# bjj standup



## spook mma (Jun 17, 2003)

does anyone know of a good site that would have some pictures and descriptions of bjj standup?  i've checked bjj.org, but that's all groundwork mostly.  

also, would the standup pretty much be judo standup?  i saw an argument about this on another forum, so it kinda piqued my interest.


----------



## Old Fat Kenpoka (Jun 17, 2003)

Spook:  
BJJ schools usually teach standup to more advanced students preparing for Vale Tudo (NHB) competition.  Renzo Gracie just came out with a book titled "Mastering Ju Jitsu" that covers BJJ techniques for NHB/MMA.  This includes boxing, kicking, clinch, takedown, and ground fighting basics.


----------



## JDenz (Jun 19, 2003)

most low level BJJ takedowns are proper pulls and sweep stuff not much like Judo at all.


----------



## Kyle (Jun 25, 2003)

Standup in any legit BJJ class will almost always be a mix of Judo and wrestling.  How much time you spend on those topics will vary greatly from school to school.  If you compete, you will likely spend much more time on those areas than a non-competitor.

    - Kyle


----------



## twinkletoes (Jun 30, 2003)

Because BJJ is concerned most with (1) what really works and (2) what is efficient, you will wind up with mostly the best of wrestling and judo, as Kyle said.  

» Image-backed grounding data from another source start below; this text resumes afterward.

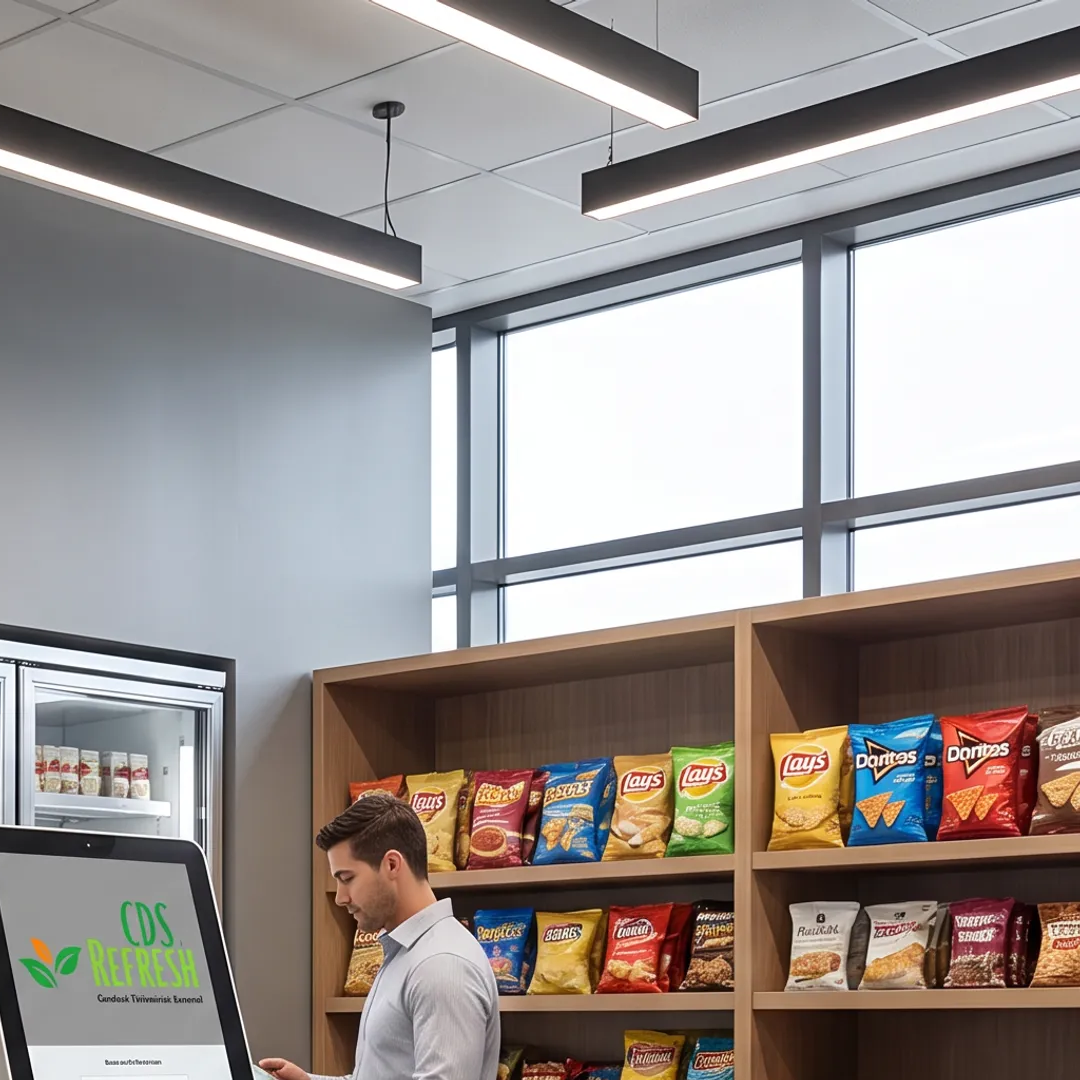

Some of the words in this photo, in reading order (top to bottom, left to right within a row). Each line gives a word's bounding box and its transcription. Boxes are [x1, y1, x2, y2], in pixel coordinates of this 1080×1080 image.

[681, 765, 724, 787] Lays
[783, 755, 826, 776] Lays
[623, 773, 662, 793] Lays
[120, 900, 174, 947] CDS
[86, 938, 200, 989] REFRESH

There are some....approaches that change because it's BJJ (emphasis on landing in a dominant BJJ position, or at least not in your opponent's guard), as well as moves that are very BJJ in origin (the butt flop, for instance, and probably the jump-to-the-guard).  

Find yourself a Judo coach and a wrestling coach, and then perfect the techniques in a BJJ environment.  

~TT


----------